═══ RECORDS SHOWN

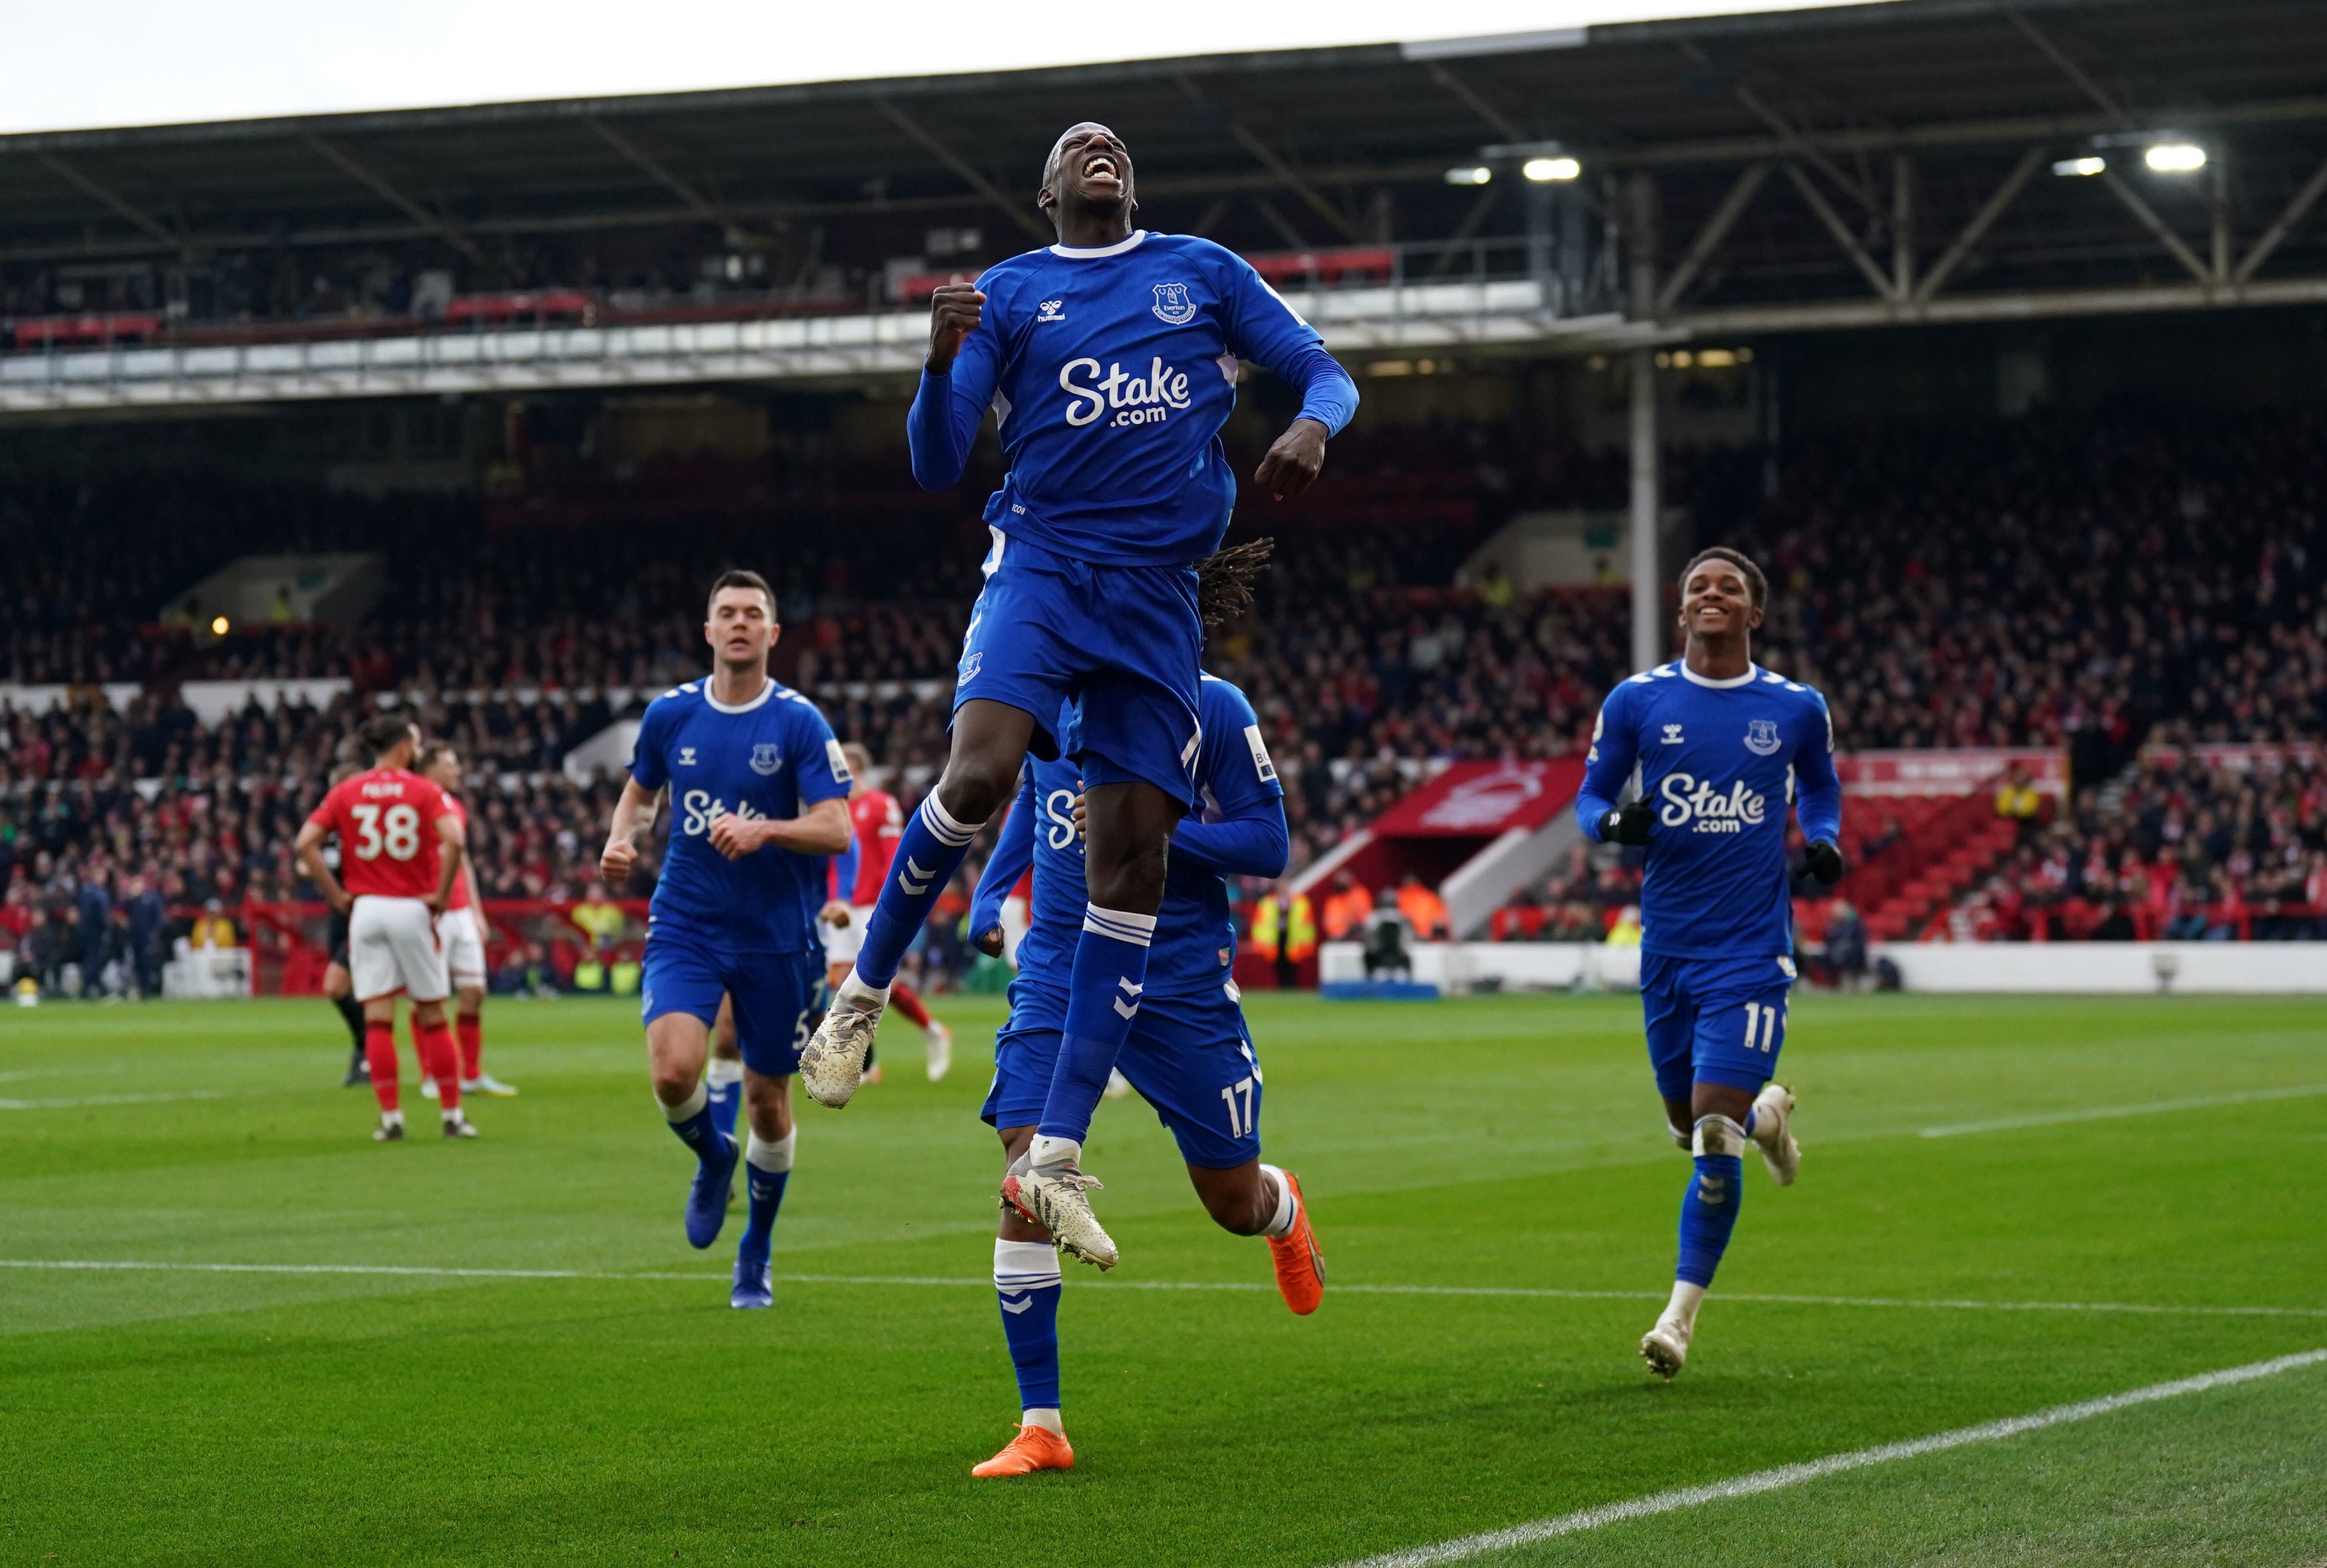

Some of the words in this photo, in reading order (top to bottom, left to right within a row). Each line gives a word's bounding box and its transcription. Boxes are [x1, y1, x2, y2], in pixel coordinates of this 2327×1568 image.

[1038, 313, 1066, 322] hummel
[1059, 356, 1191, 426] Stake
[1110, 406, 1167, 428] .com
[1661, 772, 1765, 827] Stake
[351, 804, 420, 861] 38
[1692, 819, 1741, 834] .com
[792, 1008, 810, 1050] 5
[1744, 1001, 1776, 1054] 11
[1221, 1076, 1253, 1139] 17

══════

Please repeat the records above exactly, omitting any pictures they contain.

◆ RESULT OF THE EXERCISE ◆
Some of the words in this photo, in reading order (top to bottom, left to right within a row). Each line gives a word's bounding box and its transcription. Boxes are [x1, y1, x2, y2], in pixel coordinates of this 2327×1568 image.

[1038, 313, 1066, 322] hummel
[1059, 356, 1191, 426] Stake
[1110, 406, 1167, 428] .com
[1661, 772, 1765, 827] Stake
[351, 804, 420, 861] 38
[1692, 819, 1741, 834] .com
[792, 1008, 810, 1050] 5
[1744, 1001, 1776, 1054] 11
[1221, 1076, 1253, 1139] 17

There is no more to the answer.